_WORK INSTRUCTION_. Reproduce verbatim only the lines from the one containing "this 1280×1920 image." through the last line below, both included.

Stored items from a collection
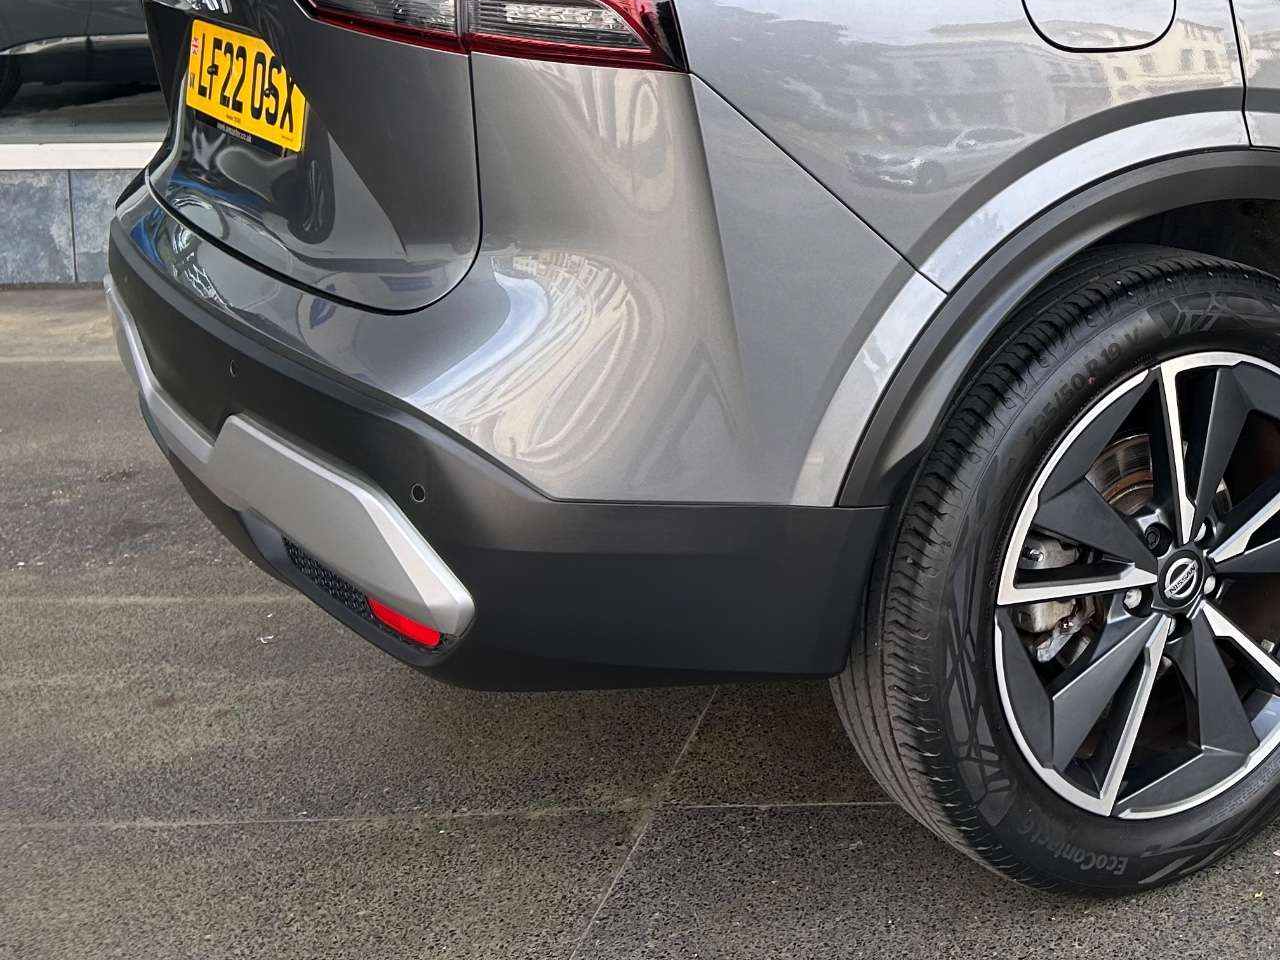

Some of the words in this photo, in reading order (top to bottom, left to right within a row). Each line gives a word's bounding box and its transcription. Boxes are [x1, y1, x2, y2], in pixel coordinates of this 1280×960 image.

[197, 32, 248, 114] LF22
[250, 50, 295, 134] OSX
[1168, 564, 1197, 594] NISSAN
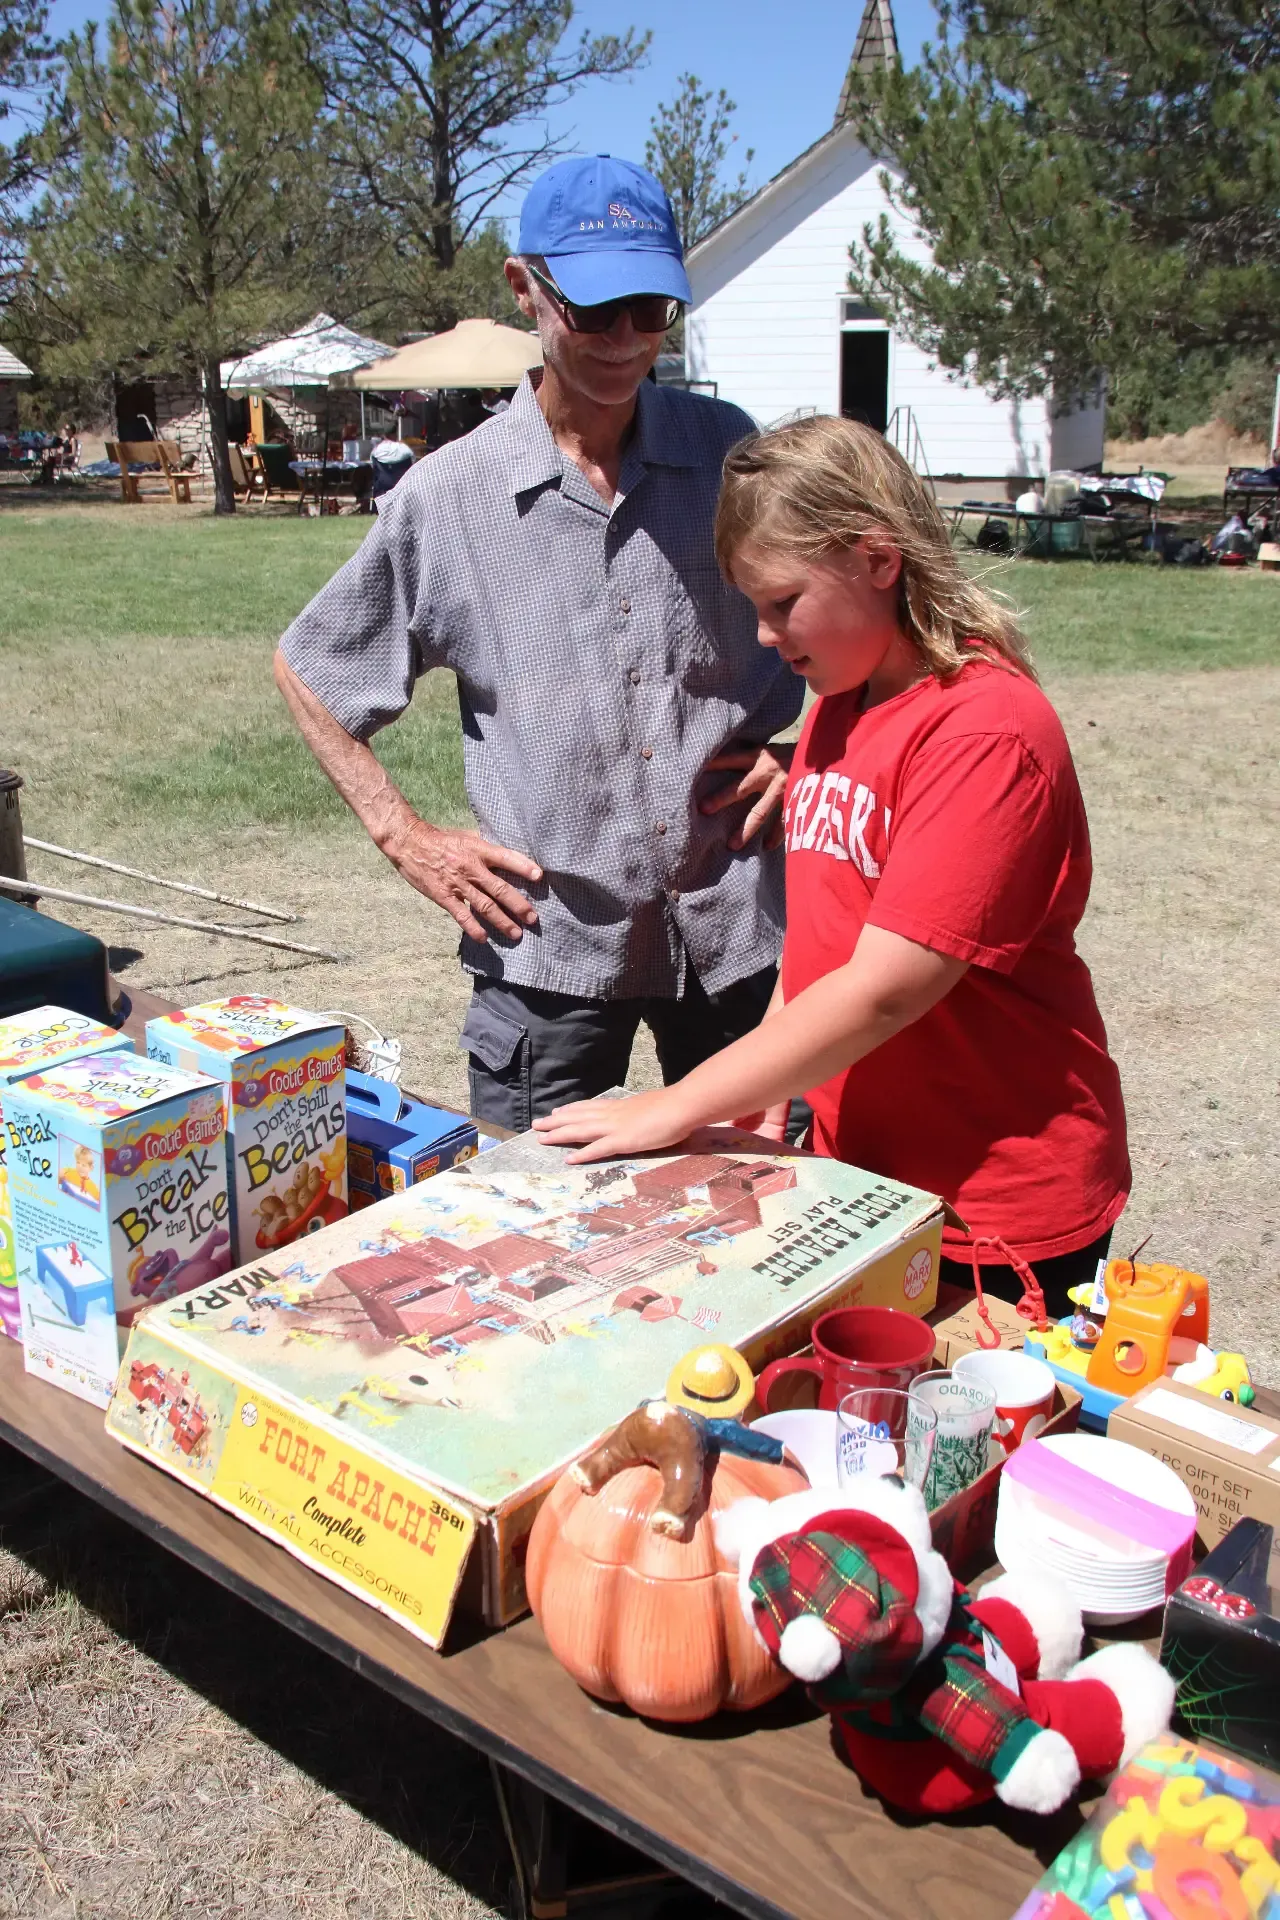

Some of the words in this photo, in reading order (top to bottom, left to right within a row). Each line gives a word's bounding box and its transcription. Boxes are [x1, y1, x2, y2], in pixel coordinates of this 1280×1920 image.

[579, 220, 604, 231] SAN
[612, 219, 665, 232] ANTONIO
[608, 203, 633, 220] SA
[12, 1017, 91, 1048] Cootie
[217, 1010, 299, 1032] Beans
[82, 1078, 161, 1100] Break
[269, 1065, 304, 1095] Cootie
[307, 1053, 342, 1081] Games
[5, 1112, 58, 1149] Break
[253, 1097, 297, 1143] Don't
[297, 1085, 330, 1118] Spill
[283, 1118, 302, 1137] the
[144, 1127, 182, 1161] Cootie
[186, 1112, 223, 1144] Games
[238, 1101, 346, 1193] Beans
[25, 1149, 53, 1179] Ice
[112, 1148, 218, 1253] Break
[135, 1167, 174, 1202] Don't
[164, 1219, 187, 1238] the
[182, 1190, 229, 1244] Ice
[801, 1195, 844, 1223] PLAY
[839, 1184, 914, 1229] FORT
[767, 1221, 804, 1244] SET
[751, 1217, 862, 1287] APACHE
[169, 1266, 280, 1321] MARX
[904, 1263, 930, 1289] MARX
[259, 1417, 327, 1484] FORT
[326, 1460, 443, 1557] APACHE
[1161, 1454, 1182, 1471] PC
[1185, 1464, 1220, 1486] GIFT
[1222, 1480, 1253, 1501] SET
[429, 1500, 465, 1533] 3681
[1192, 1484, 1245, 1516] 001H8L
[302, 1496, 367, 1548] Complete
[279, 1515, 304, 1541] ALL
[308, 1538, 423, 1617] ACCESSORIES

_YOUR SOLUTION_.
Some of the words in this photo, in reading order (top to bottom, left to right within a row). Each line gives a word's bounding box and its transcription. Boxes are [x1, y1, x2, y2], in pixel coordinates of this 1280×1920 image.

[579, 220, 604, 231] SAN
[612, 219, 665, 232] ANTONIO
[608, 203, 633, 220] SA
[12, 1017, 91, 1048] Cootie
[217, 1010, 299, 1032] Beans
[82, 1078, 161, 1100] Break
[269, 1065, 304, 1095] Cootie
[307, 1053, 342, 1081] Games
[5, 1112, 58, 1149] Break
[253, 1097, 297, 1143] Don't
[297, 1085, 330, 1118] Spill
[283, 1118, 302, 1137] the
[144, 1127, 182, 1161] Cootie
[186, 1112, 223, 1144] Games
[238, 1101, 346, 1193] Beans
[25, 1149, 53, 1179] Ice
[112, 1148, 218, 1253] Break
[135, 1167, 174, 1202] Don't
[164, 1219, 187, 1238] the
[182, 1190, 229, 1244] Ice
[801, 1195, 844, 1223] PLAY
[839, 1184, 914, 1229] FORT
[767, 1221, 804, 1244] SET
[751, 1217, 862, 1287] APACHE
[169, 1266, 280, 1321] MARX
[904, 1263, 930, 1289] MARX
[259, 1417, 327, 1484] FORT
[326, 1460, 443, 1557] APACHE
[1161, 1454, 1182, 1471] PC
[1185, 1464, 1220, 1486] GIFT
[1222, 1480, 1253, 1501] SET
[429, 1500, 465, 1533] 3681
[1192, 1484, 1245, 1516] 001H8L
[302, 1496, 367, 1548] Complete
[279, 1515, 304, 1541] ALL
[308, 1538, 423, 1617] ACCESSORIES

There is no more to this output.